Objective: Systemic infection affects one quarter of preterm infants. Defense from infection is in part mediated by the cytokine interleukin-6 (IL-6). We tested the hypothesis that the IL-6 -174 GG genotype, associated with lower IL-6 response to inflammation, is also associated with the development of septicemia in preterm infants.

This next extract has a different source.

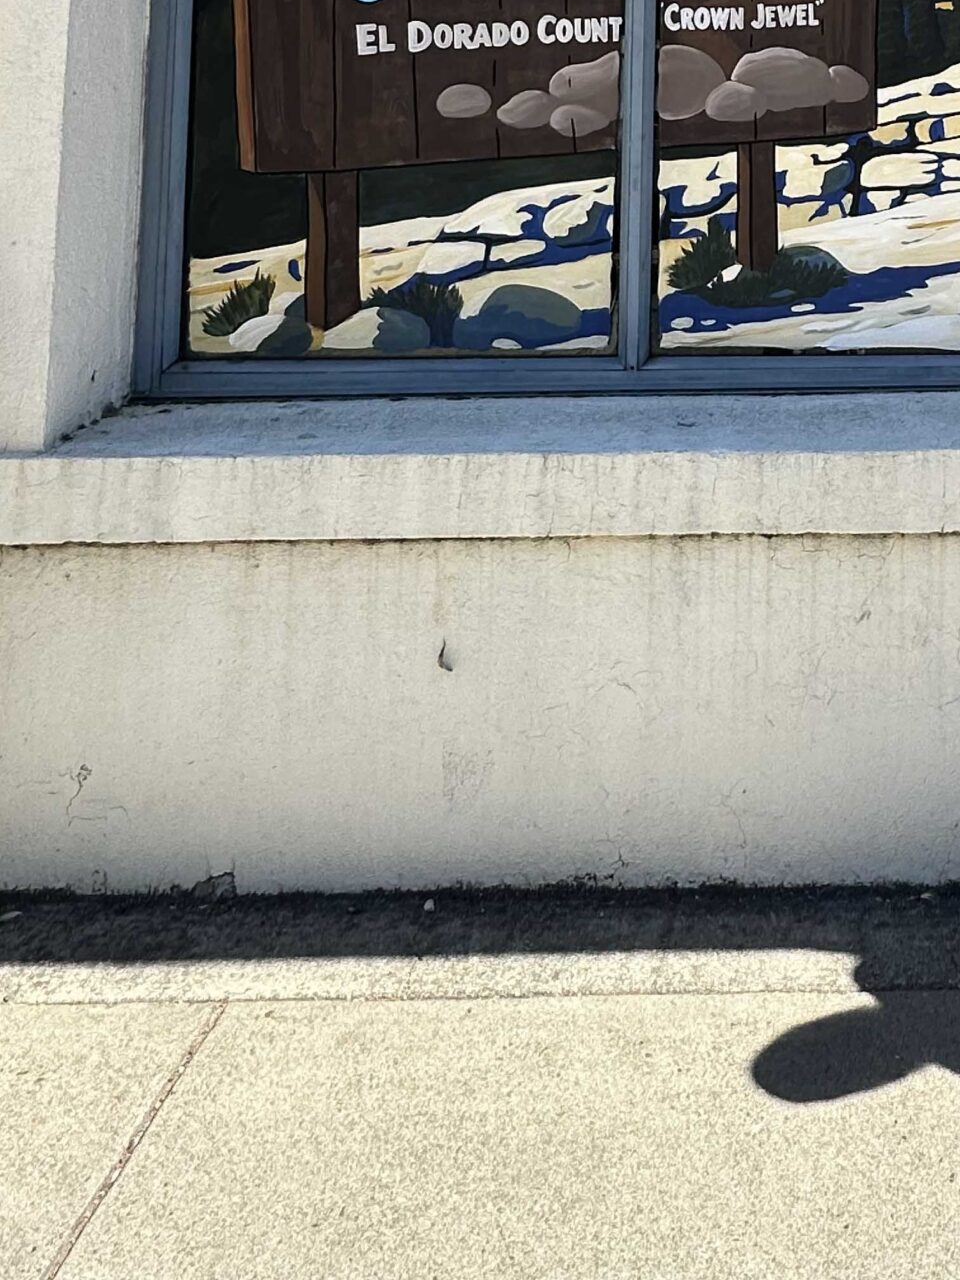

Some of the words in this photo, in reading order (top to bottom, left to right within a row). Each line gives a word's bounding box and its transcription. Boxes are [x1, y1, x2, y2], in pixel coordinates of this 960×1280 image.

Methods: The study group comprised 157 infants who were born at < or =32 weeks. Genotype distribution (34% [54] GG, 46% [72] GC, 20% [31] CC) and C allele frequency (0.43; 95% confidence interval [CI]: 0.37-0.48) were similar to the UK adult population. Among the patients who developed bacterially confirmed septicemia (n = 51 [33%]), there was a significantly higher prevalence of the IL-6 -174 GG genotype than that observed in those who did not develop infection (47% vs 28% for GG: odds ratio [OR]: 2.3; 95% CI: 1.1-4.5). This association remained statistically significant (OR: 2.7; 95% CI: 1.2-6.3) after multiple binary logistic regression adjustment for other significant predictors of the development of septicemia. Late infection alone was similarly associated with GG genotype (septicemia 47% vs no septicemia 29% for GG: OR: 2.2; 95% CI: 1.1-4.3).
Conclusions: Variation in the IL-6 gene seems to influence the defense against bacterial pathogens in the very preterm infant.